→ **EXERCISE AIM**
Output all entries exactly; images excluded.

→ **RECORDED INFORMATION**
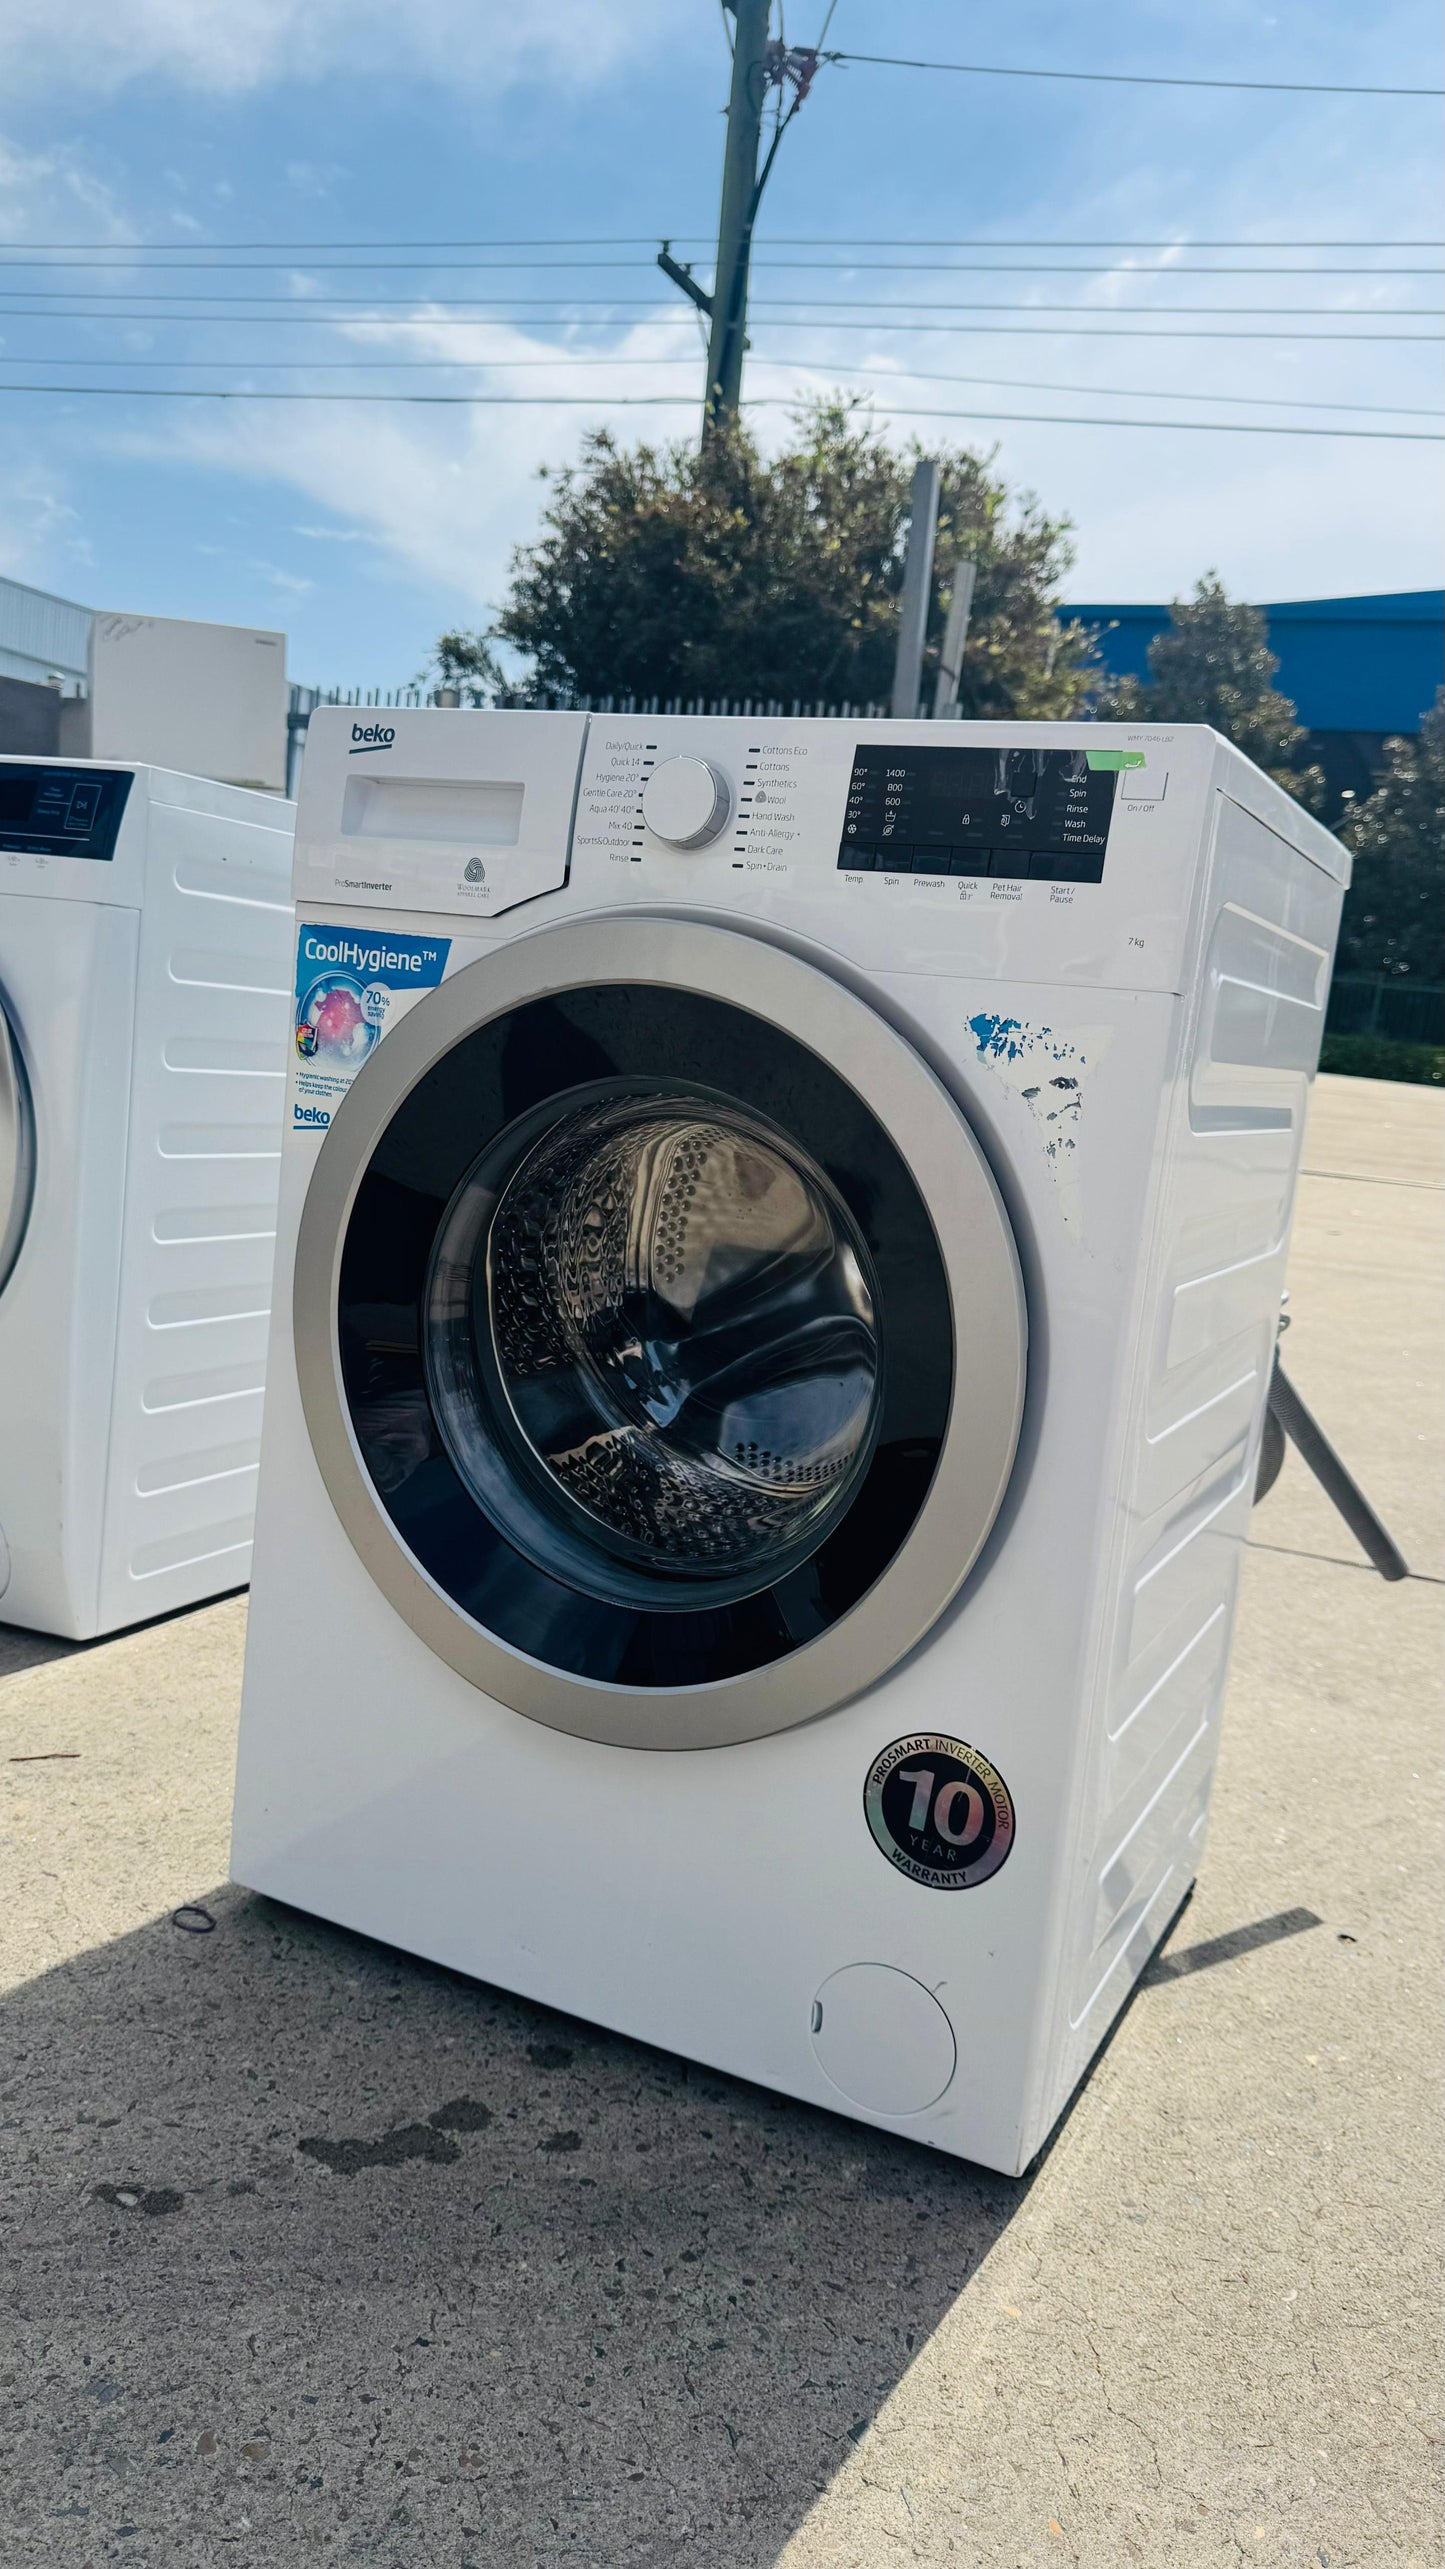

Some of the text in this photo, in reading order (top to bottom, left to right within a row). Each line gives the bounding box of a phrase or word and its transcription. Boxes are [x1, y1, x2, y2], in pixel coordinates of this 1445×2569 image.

[352, 723, 396, 743] beko
[605, 742, 644, 752] Daily/Quick
[762, 746, 808, 756] Cottons Eco
[610, 758, 640, 767] Quick 14
[760, 762, 790, 771] Cottons
[596, 773, 624, 783] Hygiene
[886, 769, 906, 777] 1400
[757, 778, 797, 788] Synthetics
[1071, 774, 1088, 784] End
[583, 788, 606, 797] Gentle
[606, 789, 622, 798] Care
[887, 784, 902, 792] 800
[1069, 789, 1086, 798] Spin
[767, 796, 786, 804] Wool
[885, 798, 900, 806] 600
[589, 804, 608, 814] Aqua
[1066, 804, 1088, 814] Rinse
[1127, 804, 1138, 812] On
[752, 812, 794, 822] Hand Wash
[608, 822, 632, 830] Mix 40
[1064, 820, 1086, 828] Wash
[750, 828, 794, 840] Anti-Allergy
[576, 836, 630, 846] Sports&Outdoor
[1062, 834, 1106, 846] Time Delay
[747, 845, 784, 855] Dark Care
[609, 854, 629, 862] Rinse
[845, 874, 864, 884] Temp
[884, 876, 900, 886] Spin
[914, 878, 946, 888] Prewash
[334, 878, 392, 891] ProSmartInverter
[958, 880, 978, 890] Quick
[992, 882, 1022, 892] Pet Hair
[1050, 886, 1070, 894] Start
[990, 892, 1023, 900] Removal
[1050, 895, 1074, 904] Pause
[1128, 937, 1144, 948] 7 kg
[366, 990, 390, 1006] 70%
[294, 1104, 330, 1124] beko
[872, 1738, 1009, 1830] PROSMART INVERTER MOTOR
[899, 1769, 984, 1846] 10
[910, 1834, 957, 1862] YEAR
[892, 1848, 967, 1884] WARRANTY
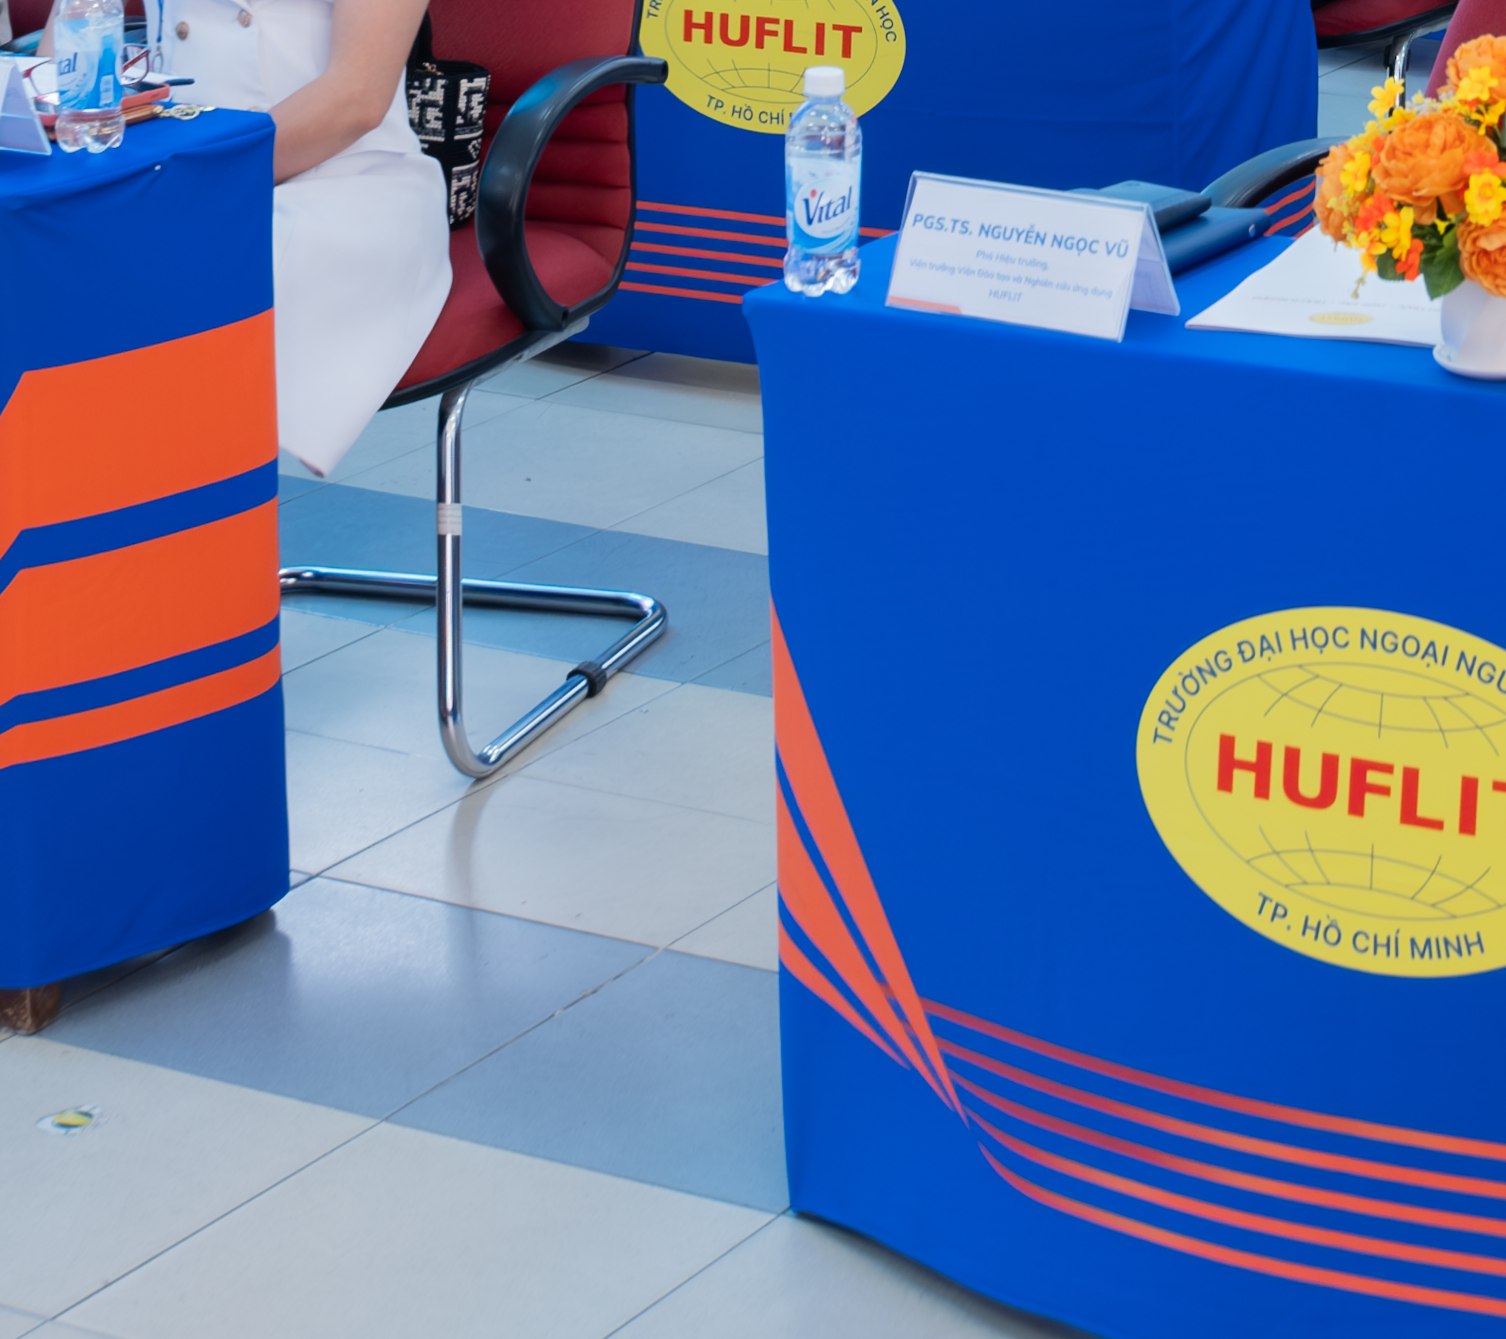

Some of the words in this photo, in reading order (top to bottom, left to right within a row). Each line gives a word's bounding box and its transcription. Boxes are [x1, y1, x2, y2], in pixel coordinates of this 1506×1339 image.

[682, 8, 862, 59] HUFLIT
[803, 185, 853, 226] Vital
[912, 213, 973, 236] PGS.TS.
[978, 223, 1048, 247] NGUYỄN
[1051, 235, 1100, 256] NGỌC
[1105, 239, 1129, 259] VŨ
[1152, 650, 1234, 748] TRƯỜNG
[1236, 630, 1283, 664] ĐẠI
[1289, 626, 1350, 655] HỌC
[1360, 628, 1449, 669] NGOẠI
[1254, 892, 1292, 932] TP.
[1301, 914, 1343, 948] HỒ
[1351, 927, 1401, 960] CHÍ
[1409, 930, 1485, 961] MINH

→ **YOUR RESPONSE**
Some of the text in this photo, in reading order (top to bottom, left to right within a row). Each line gives the bounding box of a phrase or word and its transcription. Boxes are [x1, y1, x2, y2], in pixel coordinates of this 1445×2569 image.

[352, 723, 396, 743] beko
[605, 742, 644, 752] Daily/Quick
[762, 746, 808, 756] Cottons Eco
[610, 758, 640, 767] Quick 14
[760, 762, 790, 771] Cottons
[596, 773, 624, 783] Hygiene
[886, 769, 906, 777] 1400
[757, 778, 797, 788] Synthetics
[1071, 774, 1088, 784] End
[583, 788, 606, 797] Gentle
[606, 789, 622, 798] Care
[887, 784, 902, 792] 800
[1069, 789, 1086, 798] Spin
[767, 796, 786, 804] Wool
[885, 798, 900, 806] 600
[589, 804, 608, 814] Aqua
[1066, 804, 1088, 814] Rinse
[1127, 804, 1138, 812] On
[752, 812, 794, 822] Hand Wash
[608, 822, 632, 830] Mix 40
[1064, 820, 1086, 828] Wash
[750, 828, 794, 840] Anti-Allergy
[576, 836, 630, 846] Sports&Outdoor
[1062, 834, 1106, 846] Time Delay
[747, 845, 784, 855] Dark Care
[609, 854, 629, 862] Rinse
[845, 874, 864, 884] Temp
[884, 876, 900, 886] Spin
[914, 878, 946, 888] Prewash
[334, 878, 392, 891] ProSmartInverter
[958, 880, 978, 890] Quick
[992, 882, 1022, 892] Pet Hair
[1050, 886, 1070, 894] Start
[990, 892, 1023, 900] Removal
[1050, 895, 1074, 904] Pause
[1128, 937, 1144, 948] 7 kg
[366, 990, 390, 1006] 70%
[294, 1104, 330, 1124] beko
[872, 1738, 1009, 1830] PROSMART INVERTER MOTOR
[899, 1769, 984, 1846] 10
[910, 1834, 957, 1862] YEAR
[892, 1848, 967, 1884] WARRANTY

Some of the words in this photo, in reading order (top to bottom, left to right within a row). Each line gives a word's bounding box and its transcription. Boxes are [x1, y1, x2, y2], in pixel coordinates of this 1506×1339 image.

[682, 8, 862, 59] HUFLIT
[803, 185, 853, 226] Vital
[912, 213, 973, 236] PGS.TS.
[978, 223, 1048, 247] NGUYỄN
[1051, 235, 1100, 256] NGỌC
[1105, 239, 1129, 259] VŨ
[1152, 650, 1234, 748] TRƯỜNG
[1236, 630, 1283, 664] ĐẠI
[1289, 626, 1350, 655] HỌC
[1360, 628, 1449, 669] NGOẠI
[1254, 892, 1292, 932] TP.
[1301, 914, 1343, 948] HỒ
[1351, 927, 1401, 960] CHÍ
[1409, 930, 1485, 961] MINH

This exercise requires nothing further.